#### [Your objective]
With the pictures left out, retype exactly the lines below starting at the line that contains "this 1280×1280 image." and ending at the line that contains "this 1344×1512 image.".

#### [Records provided]
-=-=-=-=-

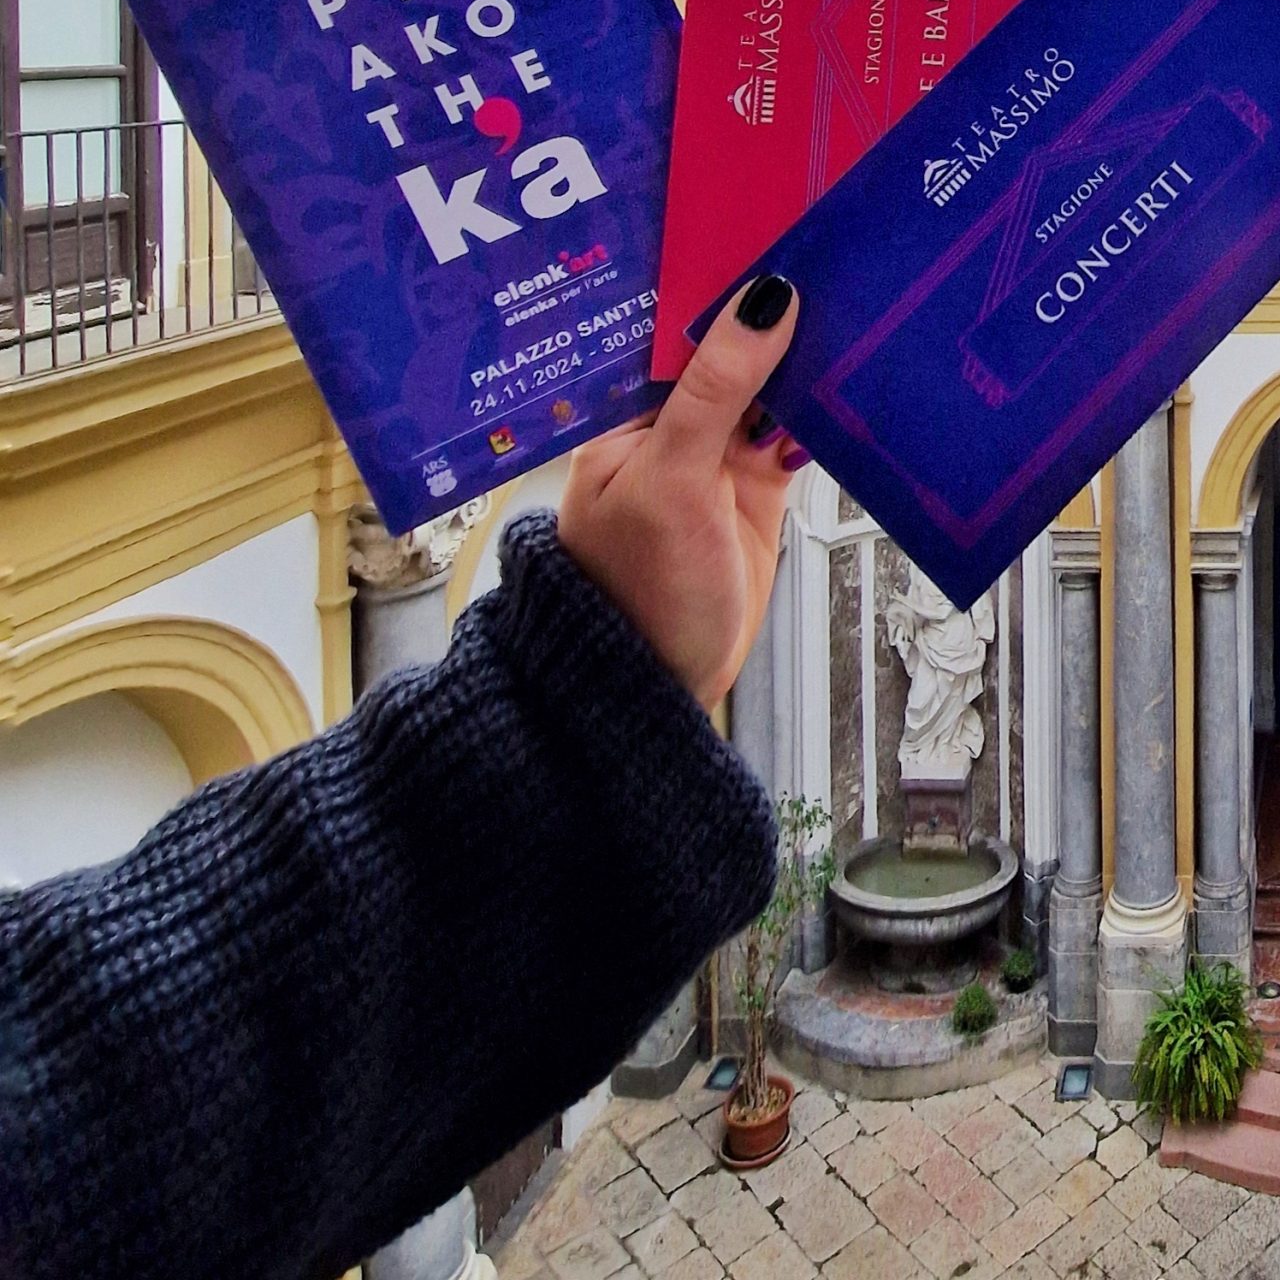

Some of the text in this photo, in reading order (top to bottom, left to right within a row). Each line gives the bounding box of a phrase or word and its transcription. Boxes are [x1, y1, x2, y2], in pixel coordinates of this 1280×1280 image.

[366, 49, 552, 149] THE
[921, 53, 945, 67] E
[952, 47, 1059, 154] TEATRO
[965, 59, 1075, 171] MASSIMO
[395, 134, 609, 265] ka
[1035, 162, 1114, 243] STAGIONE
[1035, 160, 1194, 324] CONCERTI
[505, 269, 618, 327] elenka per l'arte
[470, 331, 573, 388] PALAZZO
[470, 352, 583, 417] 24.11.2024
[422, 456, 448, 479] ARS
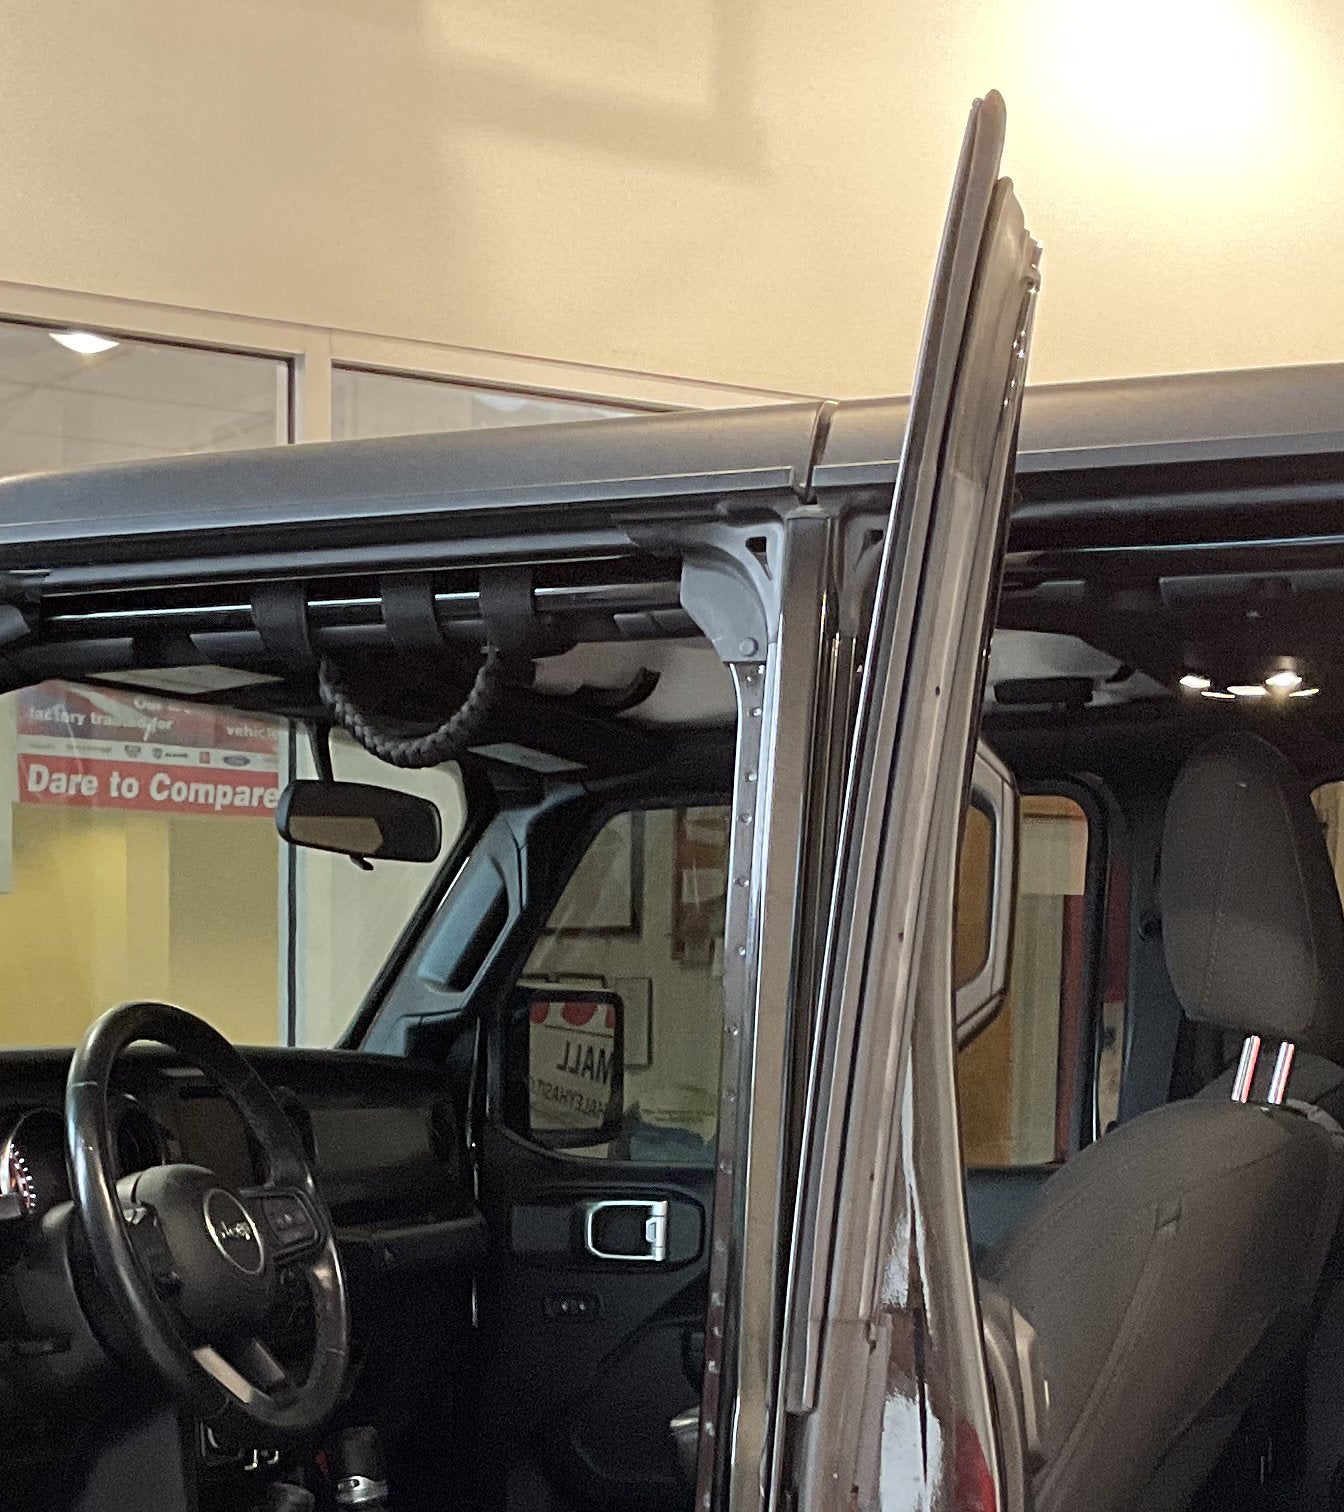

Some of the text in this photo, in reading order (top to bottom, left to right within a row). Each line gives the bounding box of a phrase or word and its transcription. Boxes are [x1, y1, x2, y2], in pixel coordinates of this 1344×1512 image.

-=-=-=-=-

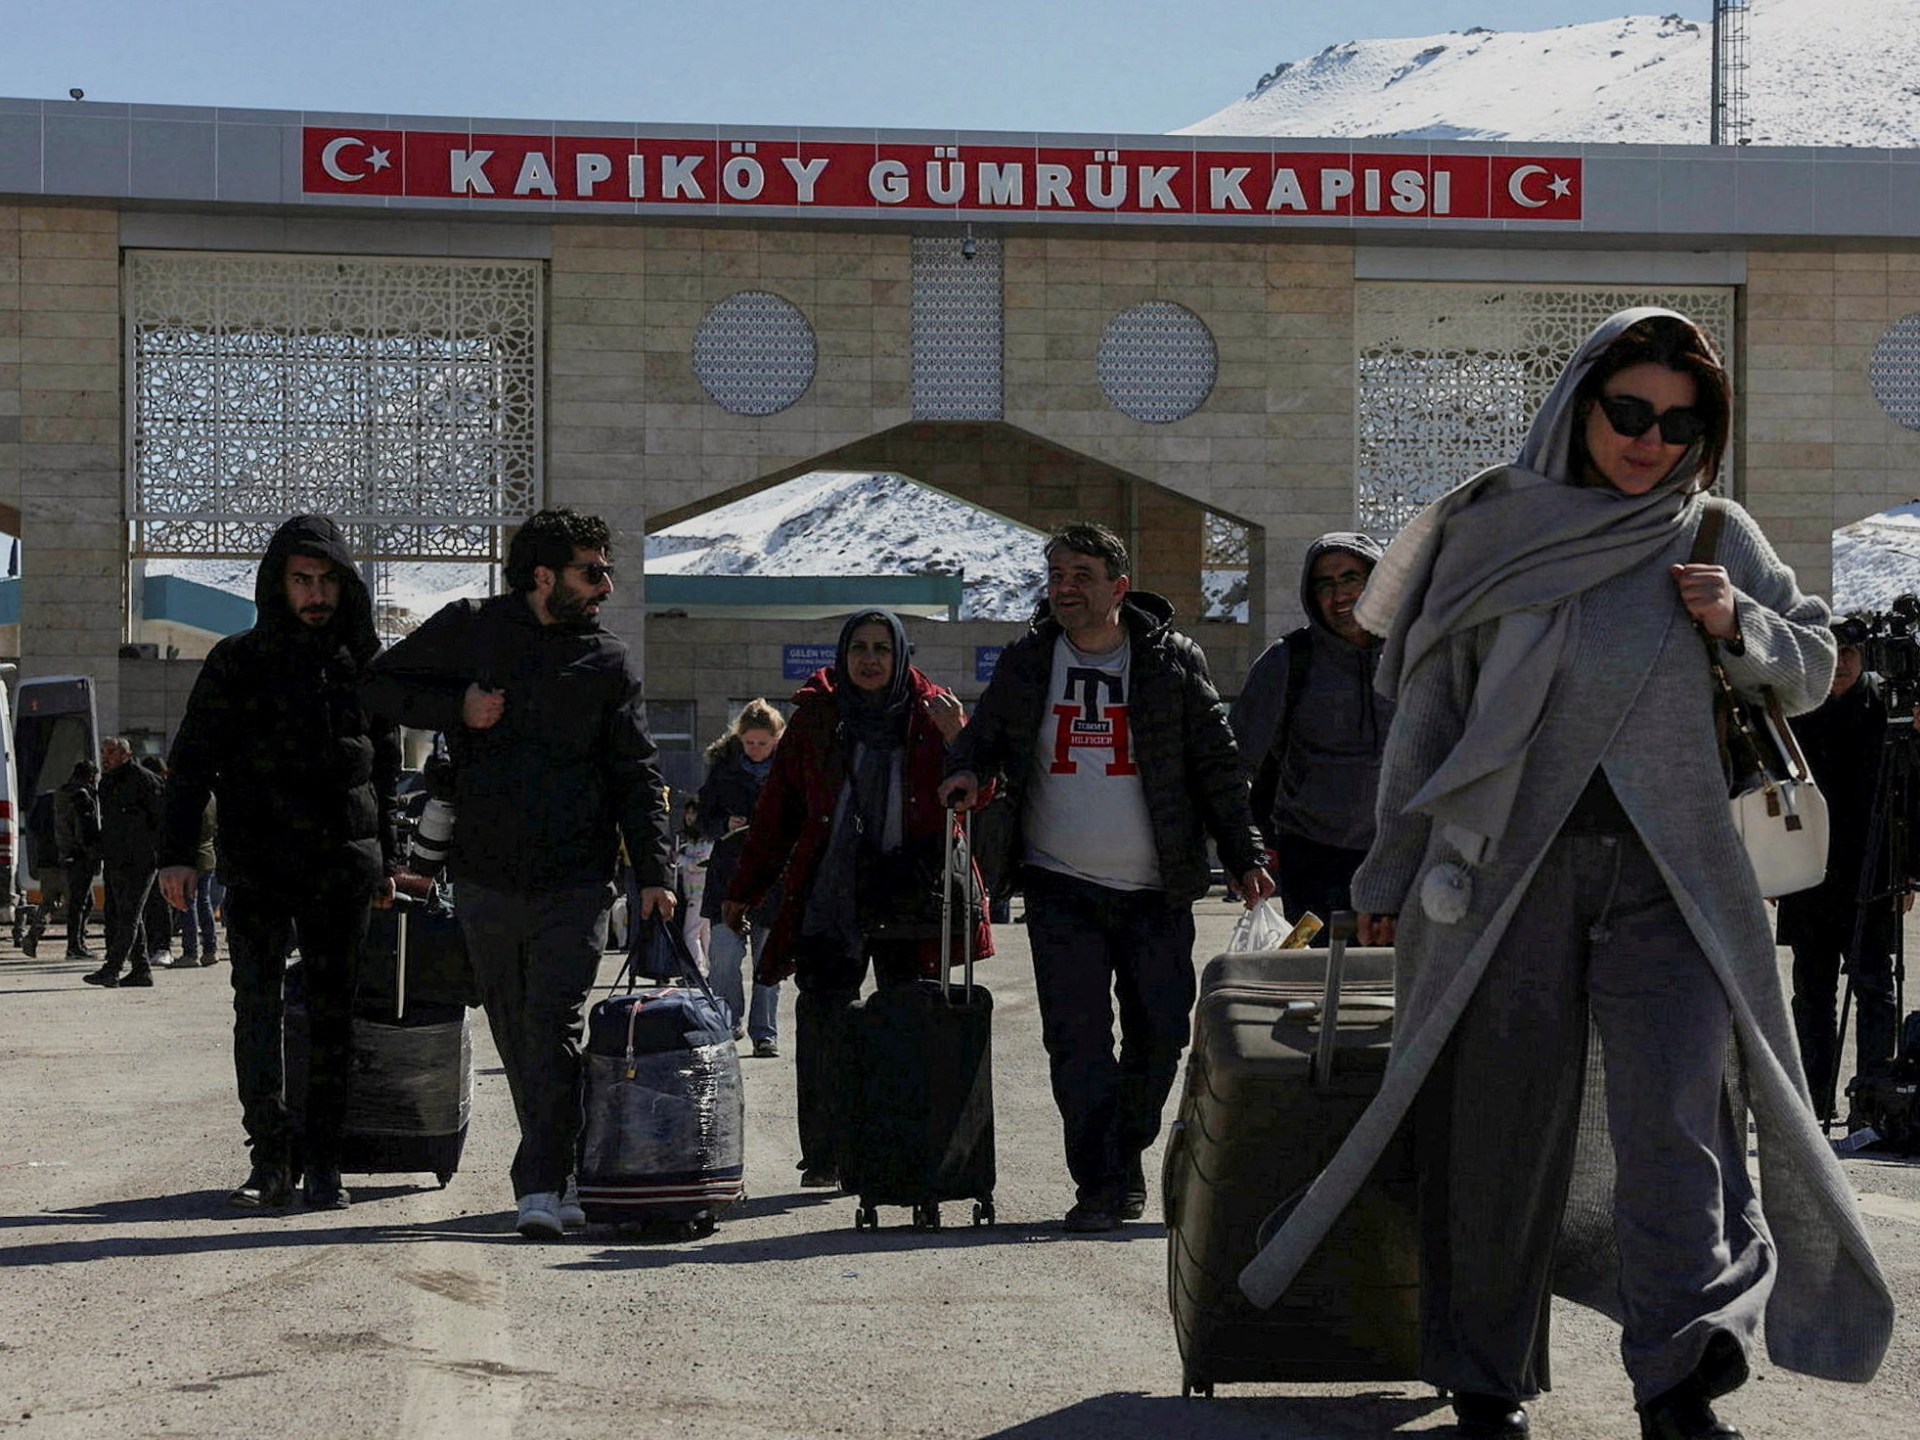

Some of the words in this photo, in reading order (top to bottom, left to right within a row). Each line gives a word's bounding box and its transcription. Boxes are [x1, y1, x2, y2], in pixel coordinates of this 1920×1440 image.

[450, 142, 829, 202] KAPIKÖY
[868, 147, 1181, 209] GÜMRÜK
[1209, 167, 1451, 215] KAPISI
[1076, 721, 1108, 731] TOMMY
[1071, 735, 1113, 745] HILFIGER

-=-=-=-=-

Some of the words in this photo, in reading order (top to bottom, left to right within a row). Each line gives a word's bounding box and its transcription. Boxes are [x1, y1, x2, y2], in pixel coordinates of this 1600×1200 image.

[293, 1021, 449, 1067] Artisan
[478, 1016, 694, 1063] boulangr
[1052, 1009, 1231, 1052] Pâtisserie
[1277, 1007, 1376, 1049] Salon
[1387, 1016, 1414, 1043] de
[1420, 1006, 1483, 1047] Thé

-=-=-=-=-

#### [Response below]
Some of the text in this photo, in reading order (top to bottom, left to right within a row). Each line gives the bounding box of a phrase or word and its transcription. Boxes are [x1, y1, x2, y2], in pixel coordinates of this 1280×1280 image.

[366, 49, 552, 149] THE
[921, 53, 945, 67] E
[952, 47, 1059, 154] TEATRO
[965, 59, 1075, 171] MASSIMO
[395, 134, 609, 265] ka
[1035, 162, 1114, 243] STAGIONE
[1035, 160, 1194, 324] CONCERTI
[505, 269, 618, 327] elenka per l'arte
[470, 331, 573, 388] PALAZZO
[470, 352, 583, 417] 24.11.2024
[422, 456, 448, 479] ARS

Some of the text in this photo, in reading order (top to bottom, left to right within a row). Each line gives the bounding box of a phrase or word and its transcription. Boxes are [x1, y1, x2, y2], in pixel coordinates of this 1344×1512 image.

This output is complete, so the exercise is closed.